A significant human pathogenic bacterium, S. pneumoniae was recognized as a major cause of pneumonia in the late 19th century, and is the subject of many humoral immunity studies.
Streptococcus pneumoniae or pneumococcus is a Gram-positive, alpha-hemolytic, aerotolerant, anaerobic member of the genus Streptococcus.
S. pneumoniae resides asymptomatically in the nasopharynx of healthy carriers. However, in susceptible individuals, such as elderly and immunocompromised people and children, the pathogen can spread to other locations and cause disease. S. pneumoniae is the main cause of community acquired pneumonia and meningitis in children and the elderly, and of septicemia in HIV-infected persons.
Despite the name, the organism causes many types of pneumococcal infections other than pneumonia. These invasive pneumococcal diseases include acute sinusitis, otitis media, conjunctivitis, meningitis, bacteremia, sepsis, osteomyelitis, septic arthritis, endocarditis, peritonitis, pericarditis, cellulitis, and brain abscess.
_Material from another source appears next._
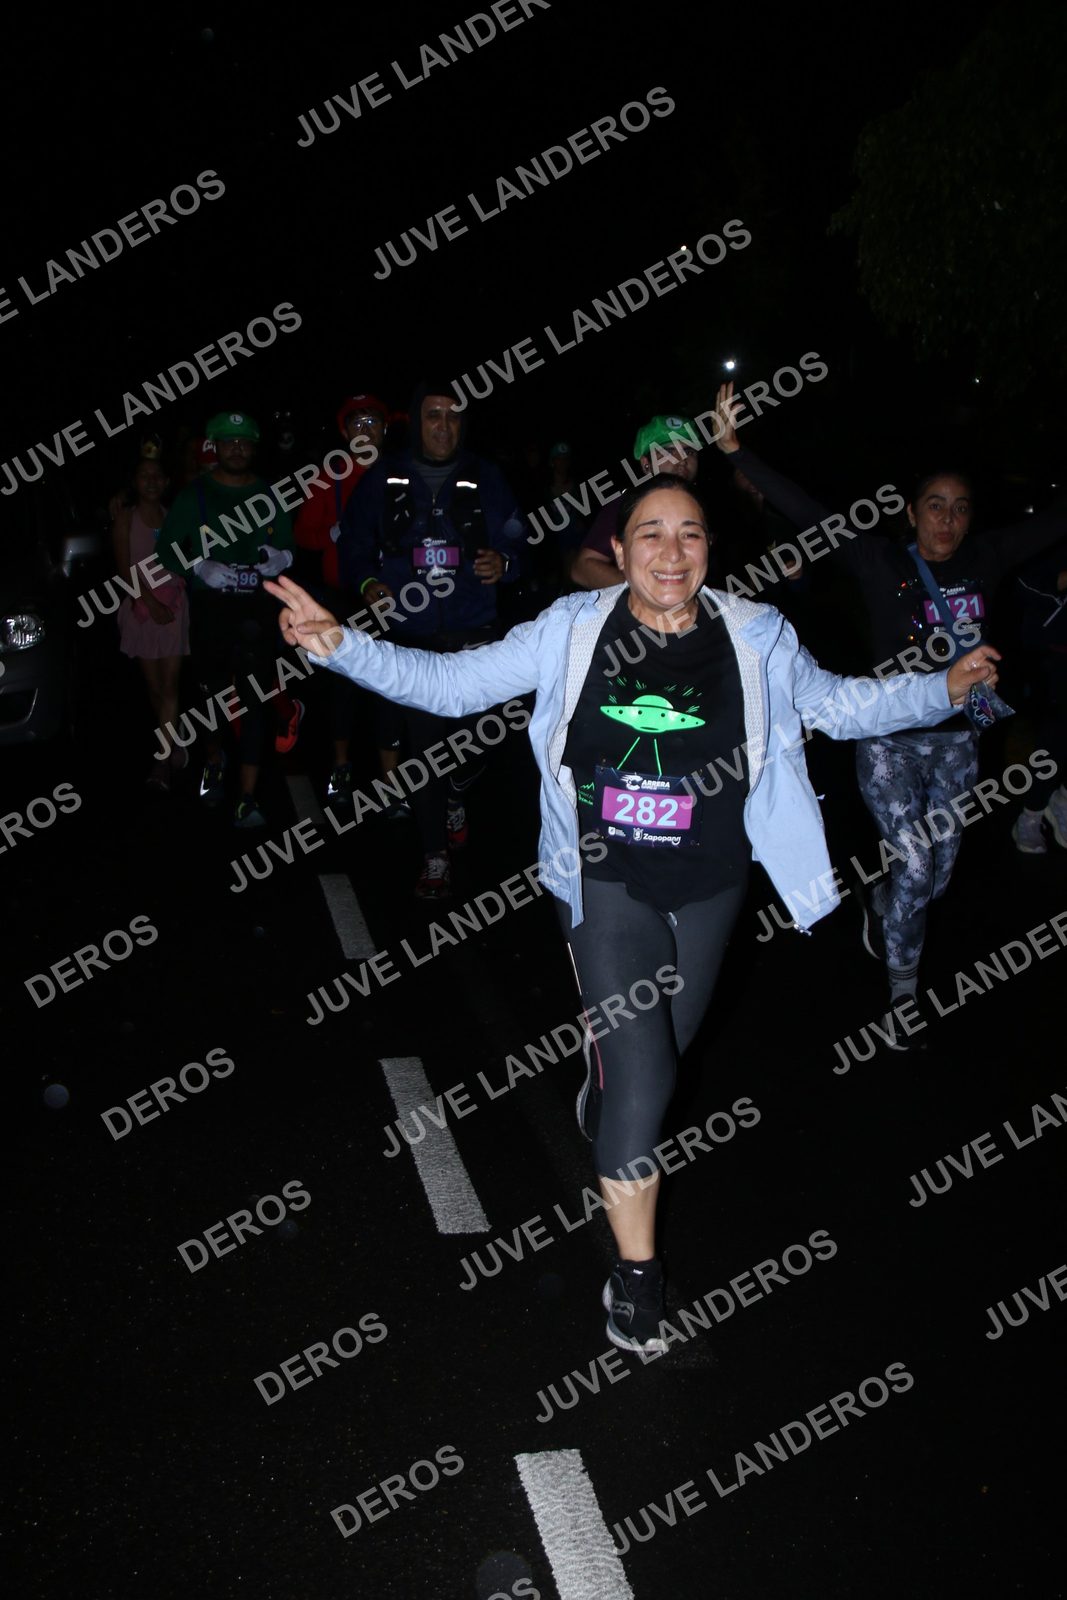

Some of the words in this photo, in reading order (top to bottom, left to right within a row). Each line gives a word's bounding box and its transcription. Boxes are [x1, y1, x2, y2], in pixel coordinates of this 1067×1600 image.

[425, 549, 447, 565] 80
[929, 595, 980, 621] 121
[614, 793, 678, 827] 282
S. pneumoniae is one of the most common causes of bacterial meningitis in adults and young adults, along with Neisseria meningitidis, and is the leading cause of bacterial meningitis in adults in the USA. It is also one of the top two isolates found in ear infection, otitis media. Pneumococcal pneumonia is more common in the very young and the very old.
S. pneumoniae can be differentiated from Streptococcus viridans, some of which are also alpha-hemolytic, using an optochin test, as S. pneumoniae is optochin–sensitive. S. pneumoniae can also be distinguished based on its sensitivity to lysis by bile, the so-called “bile solubility test”. The encapsulated Gram-positive coccoid bacteria have a distinctive morphology on Gram stain: lancet-shaped diplococci. They have a polysaccharide capsule that acts as a virulence factor for the organism; more than 90 different serotypes are known, and these types differ in virulence, prevalence, and extent of drug resistance.
The polysaccharide vaccine most commonly used today. consists of purified polysaccharides from 23 serotypes (1, 2, 3, 4, 5, 6b, 7F, 8,9N, 9V, 10A, 11A, 12F, 14, 15B, 17F, 18C, 19F, 19A, 20, 22F, 23F and 33F). Immunity is induced primarily through stimulation of B-cells which release IgM without the assistance of T cells.
This immune response is less robust than the response provoked by conjugated vaccines, which has several consequences. The vaccine is ineffective in children less than two years old, presumably due to their less mature immune systems. Non-responders are also common amongst older adults. Immunization is not lifelong, so individuals must be re-vaccinated every 5–6 years. Since no mucosal immunity is provoked, the vaccine does not affect carrier rates, promote herd immunity, or protect from upper or lower respiratory tract infections. Finally, provoking immune responses using unconjugated polysaccharides from the capsules of other bacteria, such as H. influenzae, have proven significantly more difficult.